**What you need to do**
In full and without change, transcribe the records below.

--

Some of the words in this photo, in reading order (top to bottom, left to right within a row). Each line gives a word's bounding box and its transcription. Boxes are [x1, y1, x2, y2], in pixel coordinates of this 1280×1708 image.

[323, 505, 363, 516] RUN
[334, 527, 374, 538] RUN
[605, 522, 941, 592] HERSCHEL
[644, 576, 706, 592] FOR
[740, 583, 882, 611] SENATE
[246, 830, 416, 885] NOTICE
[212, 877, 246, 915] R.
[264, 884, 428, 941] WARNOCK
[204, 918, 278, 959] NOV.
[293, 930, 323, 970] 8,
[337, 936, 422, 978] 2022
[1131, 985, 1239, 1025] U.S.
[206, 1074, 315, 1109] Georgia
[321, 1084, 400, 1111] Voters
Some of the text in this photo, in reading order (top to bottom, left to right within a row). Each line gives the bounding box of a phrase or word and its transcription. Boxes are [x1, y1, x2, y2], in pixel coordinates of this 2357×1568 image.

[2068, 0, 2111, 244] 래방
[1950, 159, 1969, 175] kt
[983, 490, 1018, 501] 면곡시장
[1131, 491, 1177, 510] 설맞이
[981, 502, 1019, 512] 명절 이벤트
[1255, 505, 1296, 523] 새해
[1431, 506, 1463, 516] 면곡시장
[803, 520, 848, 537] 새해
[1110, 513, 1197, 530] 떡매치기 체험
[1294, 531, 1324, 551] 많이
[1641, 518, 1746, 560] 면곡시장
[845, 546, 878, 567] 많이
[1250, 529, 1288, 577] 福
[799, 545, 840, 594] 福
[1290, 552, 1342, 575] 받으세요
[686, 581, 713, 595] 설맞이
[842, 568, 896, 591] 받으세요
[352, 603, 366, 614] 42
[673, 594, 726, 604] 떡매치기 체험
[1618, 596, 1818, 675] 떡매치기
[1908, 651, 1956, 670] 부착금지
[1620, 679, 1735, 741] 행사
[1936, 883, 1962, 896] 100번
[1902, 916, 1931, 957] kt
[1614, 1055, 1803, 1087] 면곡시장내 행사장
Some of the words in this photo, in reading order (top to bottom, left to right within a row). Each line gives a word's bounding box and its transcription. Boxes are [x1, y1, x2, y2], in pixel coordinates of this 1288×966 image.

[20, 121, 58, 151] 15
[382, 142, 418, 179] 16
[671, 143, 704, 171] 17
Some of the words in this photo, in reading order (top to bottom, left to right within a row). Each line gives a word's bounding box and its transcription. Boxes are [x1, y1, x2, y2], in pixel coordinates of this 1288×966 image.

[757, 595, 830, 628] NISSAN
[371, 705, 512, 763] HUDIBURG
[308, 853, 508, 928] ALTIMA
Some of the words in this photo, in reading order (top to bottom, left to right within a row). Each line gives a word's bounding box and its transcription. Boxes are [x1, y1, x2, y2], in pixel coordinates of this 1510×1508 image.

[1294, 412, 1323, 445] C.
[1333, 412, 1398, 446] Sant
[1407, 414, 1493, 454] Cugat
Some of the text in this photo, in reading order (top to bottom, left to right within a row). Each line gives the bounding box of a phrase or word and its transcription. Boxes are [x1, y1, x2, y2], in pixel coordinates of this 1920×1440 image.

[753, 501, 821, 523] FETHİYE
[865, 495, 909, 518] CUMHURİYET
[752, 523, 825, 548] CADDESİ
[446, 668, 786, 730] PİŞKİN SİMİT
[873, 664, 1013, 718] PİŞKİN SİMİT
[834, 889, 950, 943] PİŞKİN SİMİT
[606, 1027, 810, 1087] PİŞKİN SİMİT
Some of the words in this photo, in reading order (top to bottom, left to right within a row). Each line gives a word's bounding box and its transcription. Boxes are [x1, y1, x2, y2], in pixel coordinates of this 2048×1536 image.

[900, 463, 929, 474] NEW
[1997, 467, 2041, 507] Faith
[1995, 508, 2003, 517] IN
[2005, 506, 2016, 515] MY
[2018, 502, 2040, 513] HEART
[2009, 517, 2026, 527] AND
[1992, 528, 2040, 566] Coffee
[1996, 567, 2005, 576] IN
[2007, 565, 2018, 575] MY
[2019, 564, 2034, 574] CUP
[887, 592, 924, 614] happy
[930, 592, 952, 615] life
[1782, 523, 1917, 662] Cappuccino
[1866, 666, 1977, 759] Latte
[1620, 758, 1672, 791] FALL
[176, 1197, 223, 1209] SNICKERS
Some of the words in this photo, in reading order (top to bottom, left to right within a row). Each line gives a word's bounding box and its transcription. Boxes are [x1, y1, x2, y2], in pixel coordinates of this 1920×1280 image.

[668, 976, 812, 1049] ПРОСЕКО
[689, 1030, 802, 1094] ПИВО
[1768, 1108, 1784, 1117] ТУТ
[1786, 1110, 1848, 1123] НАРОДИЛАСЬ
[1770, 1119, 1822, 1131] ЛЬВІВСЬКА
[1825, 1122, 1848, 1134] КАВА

--

**Result of this task**
Some of the words in this photo, in reading order (top to bottom, left to right within a row). Each line gives a word's bounding box and its transcription. Boxes are [x1, y1, x2, y2], in pixel coordinates of this 1280×1708 image.

[323, 505, 363, 516] RUN
[334, 527, 374, 538] RUN
[605, 522, 941, 592] HERSCHEL
[644, 576, 706, 592] FOR
[740, 583, 882, 611] SENATE
[246, 830, 416, 885] NOTICE
[212, 877, 246, 915] R.
[264, 884, 428, 941] WARNOCK
[204, 918, 278, 959] NOV.
[293, 930, 323, 970] 8,
[337, 936, 422, 978] 2022
[1131, 985, 1239, 1025] U.S.
[206, 1074, 315, 1109] Georgia
[321, 1084, 400, 1111] Voters
Some of the text in this photo, in reading order (top to bottom, left to right within a row). Each line gives the bounding box of a phrase or word and its transcription. Boxes are [x1, y1, x2, y2], in pixel coordinates of this 2357×1568 image.

[2068, 0, 2111, 244] 래방
[1950, 159, 1969, 175] kt
[983, 490, 1018, 501] 면곡시장
[1131, 491, 1177, 510] 설맞이
[981, 502, 1019, 512] 명절 이벤트
[1255, 505, 1296, 523] 새해
[1431, 506, 1463, 516] 면곡시장
[803, 520, 848, 537] 새해
[1110, 513, 1197, 530] 떡매치기 체험
[1294, 531, 1324, 551] 많이
[1641, 518, 1746, 560] 면곡시장
[845, 546, 878, 567] 많이
[1250, 529, 1288, 577] 福
[799, 545, 840, 594] 福
[1290, 552, 1342, 575] 받으세요
[686, 581, 713, 595] 설맞이
[842, 568, 896, 591] 받으세요
[352, 603, 366, 614] 42
[673, 594, 726, 604] 떡매치기 체험
[1618, 596, 1818, 675] 떡매치기
[1908, 651, 1956, 670] 부착금지
[1620, 679, 1735, 741] 행사
[1936, 883, 1962, 896] 100번
[1902, 916, 1931, 957] kt
[1614, 1055, 1803, 1087] 면곡시장내 행사장
Some of the words in this photo, in reading order (top to bottom, left to right within a row). Each line gives a word's bounding box and its transcription. Boxes are [x1, y1, x2, y2], in pixel coordinates of this 1288×966 image.

[20, 121, 58, 151] 15
[382, 142, 418, 179] 16
[671, 143, 704, 171] 17
Some of the words in this photo, in reading order (top to bottom, left to right within a row). Each line gives a word's bounding box and its transcription. Boxes are [x1, y1, x2, y2], in pixel coordinates of this 1288×966 image.

[757, 595, 830, 628] NISSAN
[371, 705, 512, 763] HUDIBURG
[308, 853, 508, 928] ALTIMA
Some of the words in this photo, in reading order (top to bottom, left to right within a row). Each line gives a word's bounding box and its transcription. Boxes are [x1, y1, x2, y2], in pixel coordinates of this 1510×1508 image.

[1294, 412, 1323, 445] C.
[1333, 412, 1398, 446] Sant
[1407, 414, 1493, 454] Cugat
Some of the text in this photo, in reading order (top to bottom, left to right within a row). Each line gives the bounding box of a phrase or word and its transcription. Boxes are [x1, y1, x2, y2], in pixel coordinates of this 1920×1440 image.

[753, 501, 821, 523] FETHİYE
[865, 495, 909, 518] CUMHURİYET
[752, 523, 825, 548] CADDESİ
[446, 668, 786, 730] PİŞKİN SİMİT
[873, 664, 1013, 718] PİŞKİN SİMİT
[834, 889, 950, 943] PİŞKİN SİMİT
[606, 1027, 810, 1087] PİŞKİN SİMİT
Some of the words in this photo, in reading order (top to bottom, left to right within a row). Each line gives a word's bounding box and its transcription. Boxes are [x1, y1, x2, y2], in pixel coordinates of this 2048×1536 image.

[900, 463, 929, 474] NEW
[1997, 467, 2041, 507] Faith
[1995, 508, 2003, 517] IN
[2005, 506, 2016, 515] MY
[2018, 502, 2040, 513] HEART
[2009, 517, 2026, 527] AND
[1992, 528, 2040, 566] Coffee
[1996, 567, 2005, 576] IN
[2007, 565, 2018, 575] MY
[2019, 564, 2034, 574] CUP
[887, 592, 924, 614] happy
[930, 592, 952, 615] life
[1782, 523, 1917, 662] Cappuccino
[1866, 666, 1977, 759] Latte
[1620, 758, 1672, 791] FALL
[176, 1197, 223, 1209] SNICKERS
Some of the words in this photo, in reading order (top to bottom, left to right within a row). Each line gives a word's bounding box and its transcription. Boxes are [x1, y1, x2, y2], in pixel coordinates of this 1920×1280 image.

[668, 976, 812, 1049] ПРОСЕКО
[689, 1030, 802, 1094] ПИВО
[1768, 1108, 1784, 1117] ТУТ
[1786, 1110, 1848, 1123] НАРОДИЛАСЬ
[1770, 1119, 1822, 1131] ЛЬВІВСЬКА
[1825, 1122, 1848, 1134] КАВА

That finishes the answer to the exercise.